Пробило уже последнюю ночную стражу, когда Шаваш, валившийся с ног от
усталости, вошел во флигель к отцу Адушу. Тот, закончив описи, складывал в
ящик пронумерованные реторты. Шаваш взял кувшин со шербетом и стал лить
его себе в рот.
- Хорошенькая ночь, - наконец сказал Шаваш.
- Надо было, - сказал отец Адуш, - подвесить эту крысу на стенке.
Повисела бы - и все рассказала...
Он имел в виду яшмового аравана.
- Это большая ошибка, - возразил Шаваш, - пытать человека, если не
знаешь заранее, что он должен тебе рассказать. - И безо всякой связи
добавил:
- Этот господин Кеш - очень достойный человек. Это видно по доносу. У
него немножко неудачно сложилась судьба, но покупать стоит лишь того, кто
не продается с первого раза.
Некоторое время отец Адуш занимался бумагами. Внезапно он спросил:
- А что это было нужно племяннику аравана Фрасака? Чего он тут
выглядывал?
Шаваш опять пил шербет.
- Араван Фрасак не нашел ничего лучше, как найти и арестовать
настоящего Арфарру. Представляете - он, оказывается, еще жив. Был, во
всяком случае.
Шаваш подумал и прибавил:
- Даже чего-то сочинял в своей избушке, опять, наверное, как
исправить государство, - вынул из рукава мятый лист и протянул Адушу.
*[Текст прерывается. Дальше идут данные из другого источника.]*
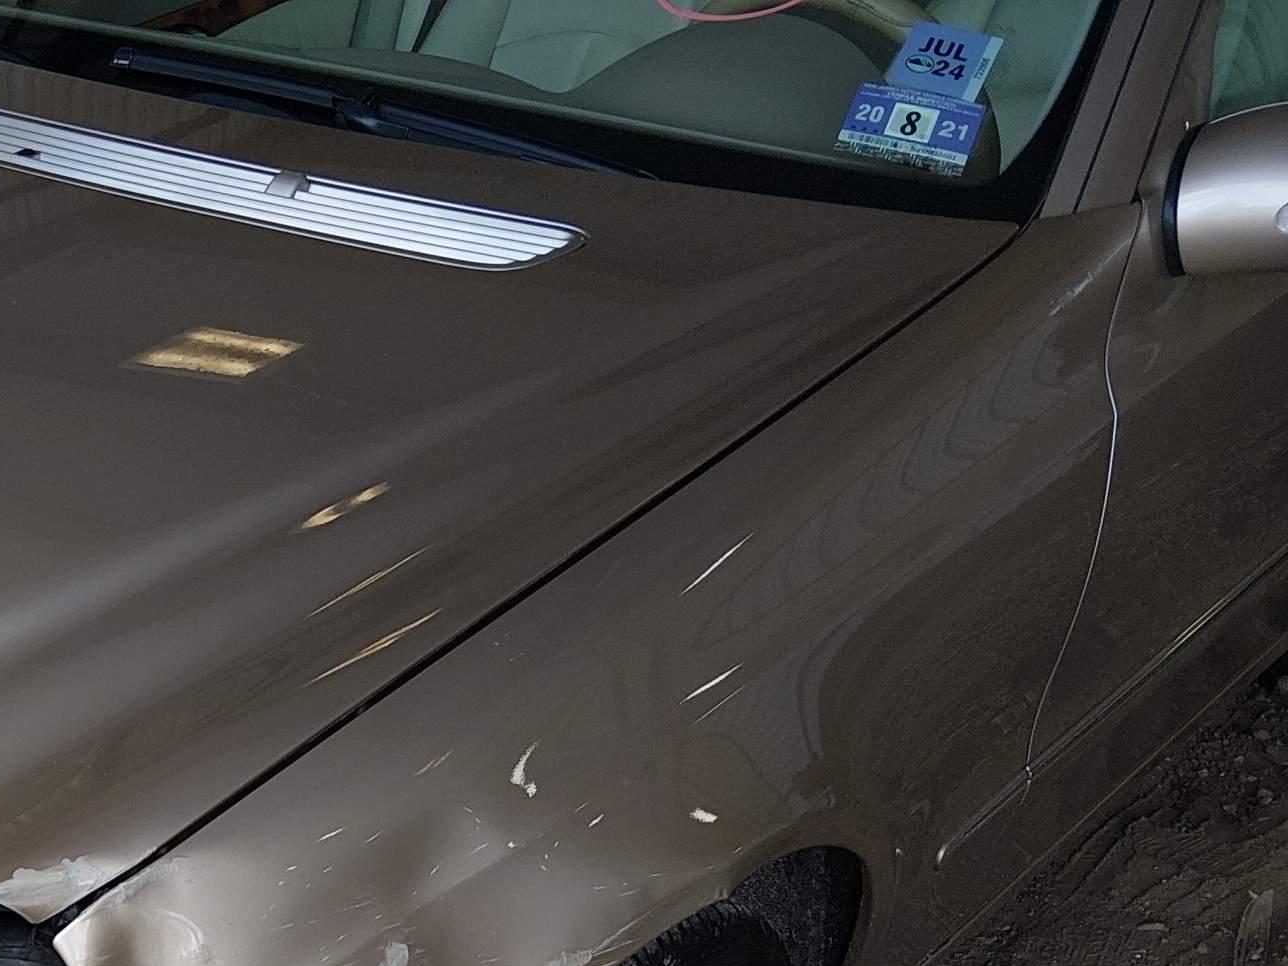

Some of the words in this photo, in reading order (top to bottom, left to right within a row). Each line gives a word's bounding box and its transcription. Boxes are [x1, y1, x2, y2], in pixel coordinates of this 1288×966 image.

[918, 37, 967, 62] JUL
[931, 60, 965, 81] 24
[855, 103, 885, 123] 20
[899, 111, 922, 136] 8
[938, 120, 969, 141] 21
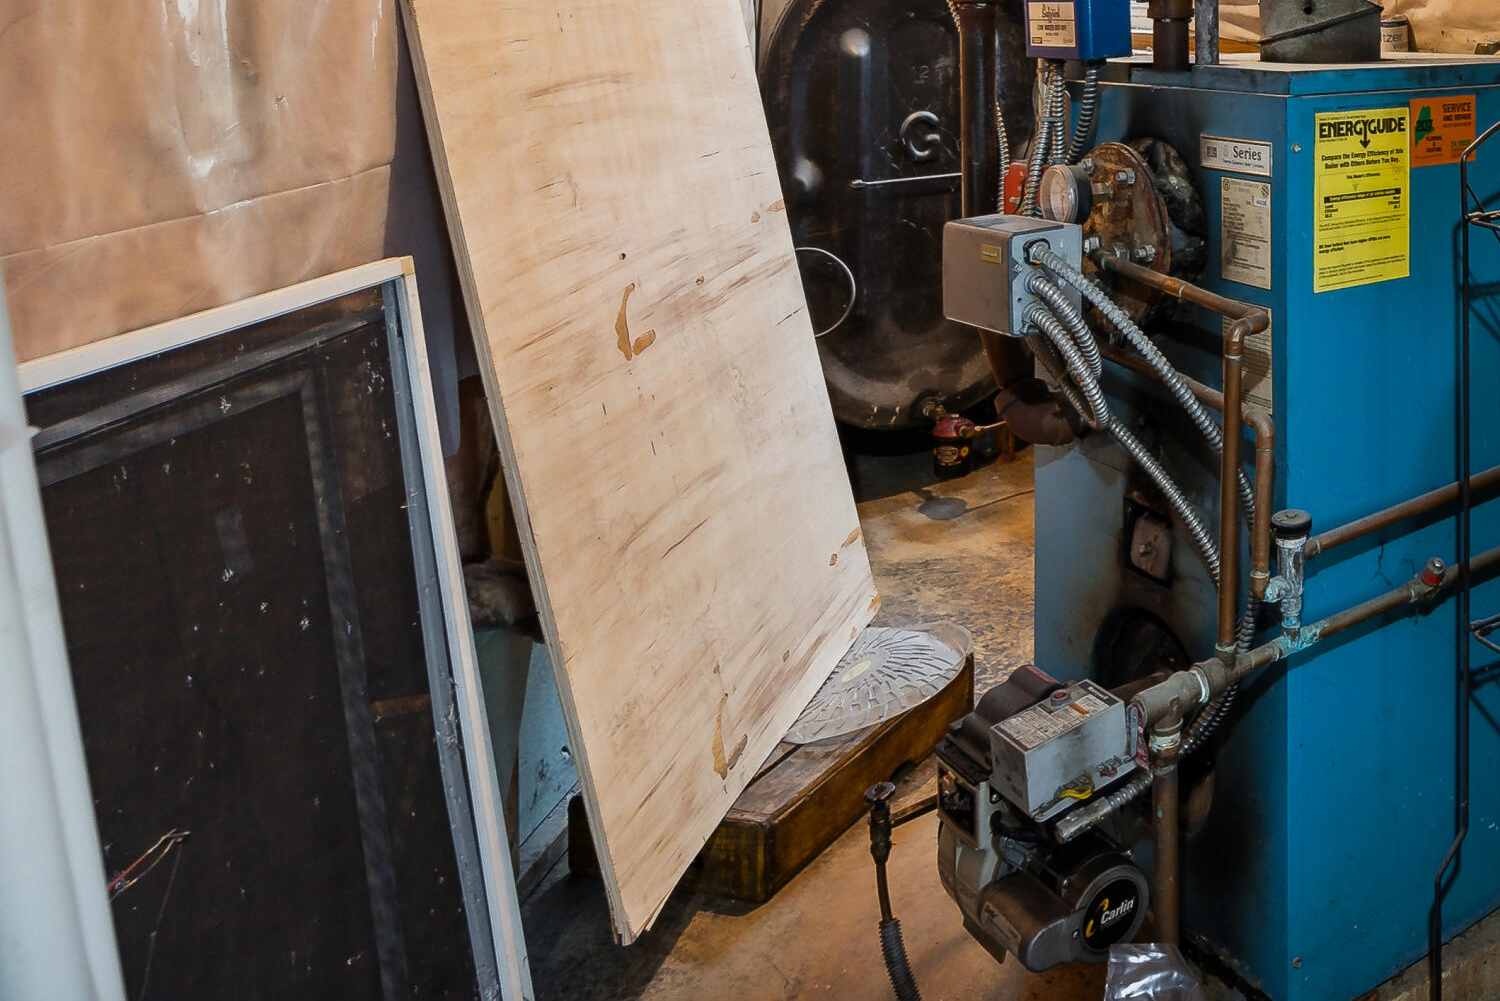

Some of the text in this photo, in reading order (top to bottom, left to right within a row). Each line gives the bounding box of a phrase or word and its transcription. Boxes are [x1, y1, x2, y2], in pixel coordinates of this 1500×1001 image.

[1443, 102, 1472, 113] SERVICE
[1319, 117, 1406, 139] ENERGYGUIDE
[1233, 146, 1262, 161] Series
[1101, 899, 1134, 924] Carlin
Адуш просмотрел лист и пожал плечами.
- Это что-то другое, - сказал он, - вряд ли Арфарра станет сочинять
такой проект на варварском языке.
Шаваш взял бумагу обратно и стал глядеть на нее поверх кувшина со
шербетом. Действительно, лист был исписан по-аломски и заполнен едва ли на
треть, свежие чернила так и блестели...
Шаваш чуть не выронил кувшин.
Аломы, как и большинство варваров, пользовалось алфавитом империи, и,
хотя молодой чиновник и не мог читать по-аломски, он различил - раз,
другой, и третий - на едва наполовину исписанном листе сочетание букв -
Ванвейлен. Ванвейлен! Четверть века назад! Тогда, когда Арфарра был
араваном Варнарайна! Ванвейлен - то самое имя, которое назвал спящий
наверху лазутчик! Черт побери, если Арфарра что-то знает о людях со звезд,
и если они за это погубили Арфарру так же, как храм Шакуника...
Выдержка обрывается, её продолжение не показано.